Mr Cachalia had a question of clarity. He was trying to understand what the Committee was trying to transform. The Members, whoever they were, had ownership of, and controlled, the collecting societies and a collecting society had a management which looked after them. What were the Members transforming, given that they could not change the members of the collecting society? Were they transforming management and maybe the procurement in terms of the little that was used by the collecting societies?

The Acting Chairperson said that the Committee should not bog itself down. Depending on the transformation imperatives suggested, key imperatives had to be looking at the profile of a collecting society in terms of who owned it, who managed it and who worked at what levels. What would the societies use to gain accreditation? The B-BBEE certificate was not wholly applicable. What were the minimum things that the Committee wanted to see in terms of the transformation. The Committee might not be able to finish that day as the proposal had not yet been seen. However, the discussion was not even based on a firm proposal so it might be self-defeating.

Adv Alberts asked a question of clarity. The Committee had agreed that there would be one collecting society per right. Was that still the case?

The Acting Chairperson explained that that decision had not been constitutional as people had a right of association.  The decision had been revoked.

Adv Alberts informed the Chairperson that he would take that matter further at a later stage.

The Chairperson said that the Committee would come back to (4)(c ) as that was the only issue.

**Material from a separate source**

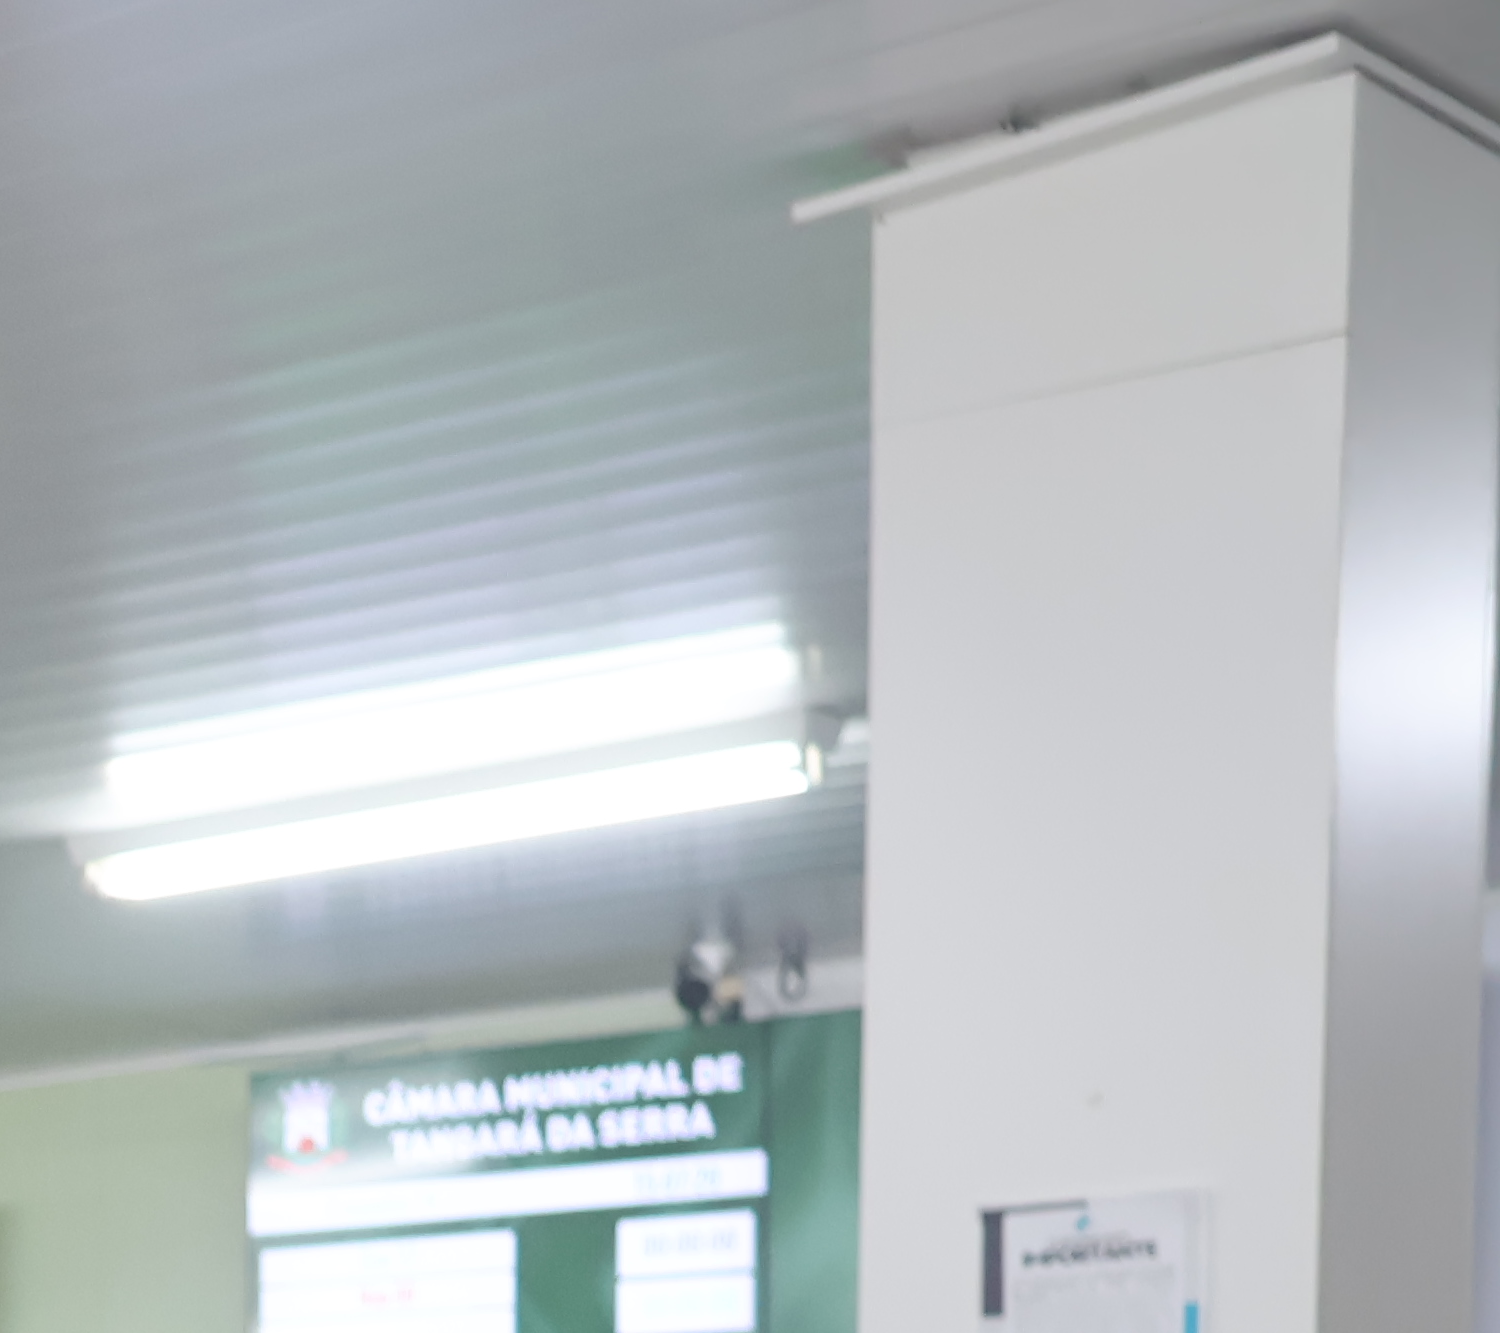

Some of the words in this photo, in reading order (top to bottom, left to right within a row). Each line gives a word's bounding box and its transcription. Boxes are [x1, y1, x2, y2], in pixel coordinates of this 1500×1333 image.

[692, 1052, 743, 1094] DE
[545, 1111, 597, 1152] DA
[598, 1101, 716, 1148] SERRA
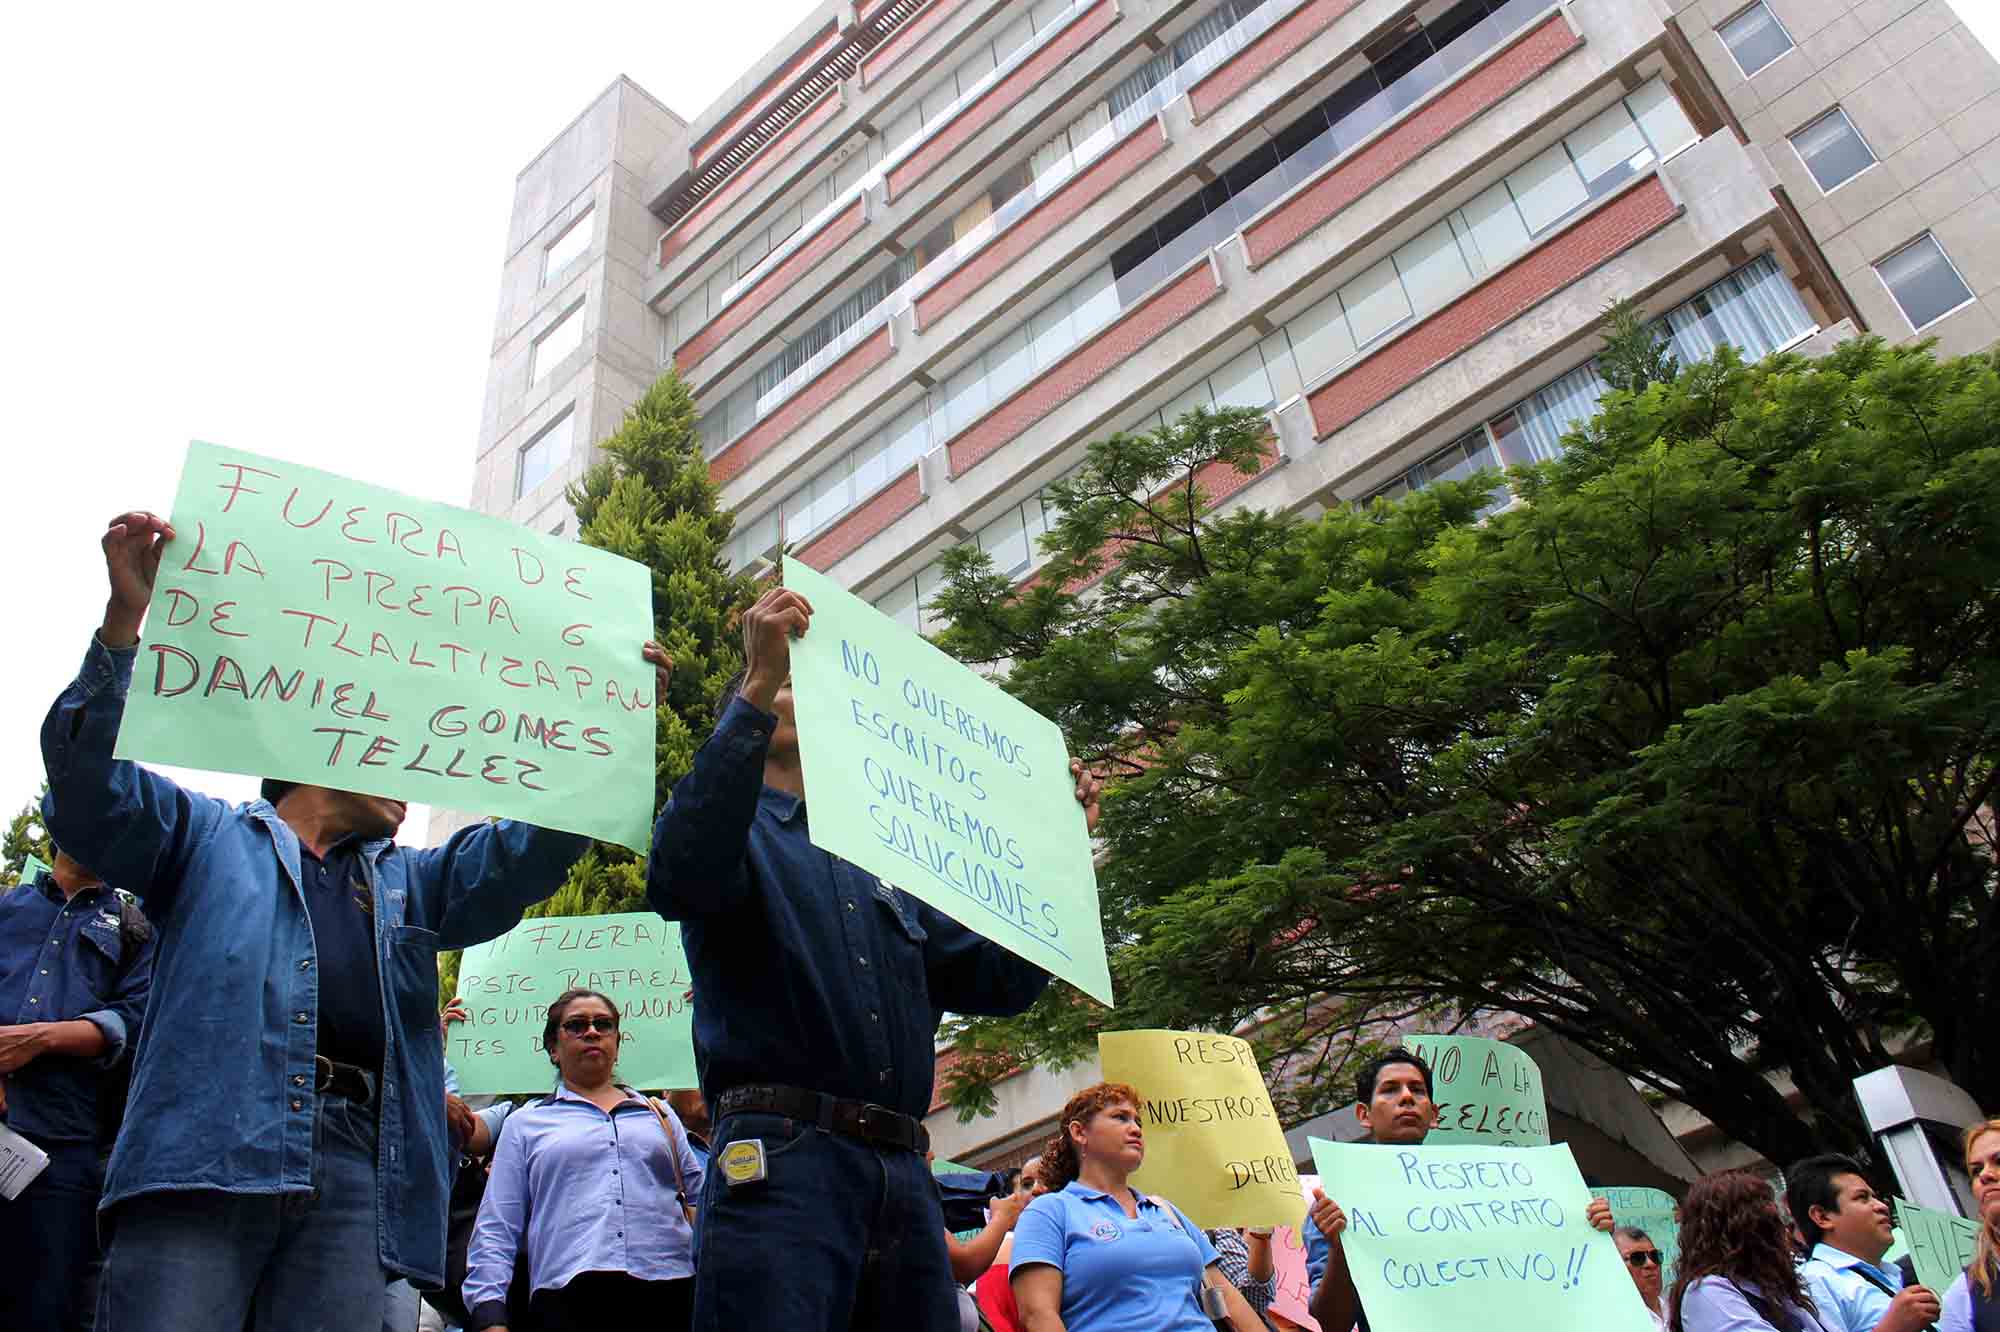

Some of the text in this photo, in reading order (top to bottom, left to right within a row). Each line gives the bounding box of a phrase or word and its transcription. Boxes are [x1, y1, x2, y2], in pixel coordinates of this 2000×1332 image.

There were no other issues.

Adv van der Merwe said there were other issues.

Ms Mantashe said that she was waiting for CIPC.

The Acting Chairperson explained that the CIPC had to formulate the response before the Commissioner could respond.

Adv van der Merwe continued. Section 22C of clause 25 showed what the collecting societies could do and how that had to be done. It was about the administration of the collecting societies, including international agreements. The clause also spoke about an offence, the minimum turnover and how to calculate fines. It also gave the courts discretion as the sentence was a minimum one. Royalties were also discussed and how they should be managed. The clause allowed for the Commission to issue a compliance note and indicated how an Administrator could take over collecting societies via the Commission and Tribunal.

Ms Theko referred to paragraph 22C(3)(c). Was reciprocity being removed and replaced by the word ‘foreign’? What was the CIPC’s take on the change? What was going to change? Would the obligation of a foreign country change?

The DDG explained that the word ‘reciprocal’ had trade agreement or treaty implications. The team had considered ‘bilateral’ but a bilateral agreement also had treaty implications, so the word ‘reciprocal’ had been removed and only the words ‘an agreement’ remained in the Bill to ensure that it was clear. The policy intention that the foreign collecting society could make foreign agreements had been retained.

Ms Theko asked where the Bill obligated the foreign country to pay the royalty.

The Acting Chairperson explained that the collecting societies were doing the collecting of royalties and the Bill simply allowed the societies to make agreements to collect royalties, even with those abroad. The Bill included domestic and foreign collecting societies. Was it adequate or did she want it to re-instate ‘reciprocal’? Could she suggest something that implied ‘reciprocal’ but would not be confused with international treaties?

Ms Theko asked how the collecting societies would be able to ensure that other countries paid. She did not know what happened in other countries. She wanted guidance and advice from CIPC. The paragraph was not adequate.

Mr Mbuyane stated that currently there were agreements with international organisations but there were challenges in collecting royalties. Would that clause not lead to more of the same?

The Acting Chairperson asked the Commissioner for his input.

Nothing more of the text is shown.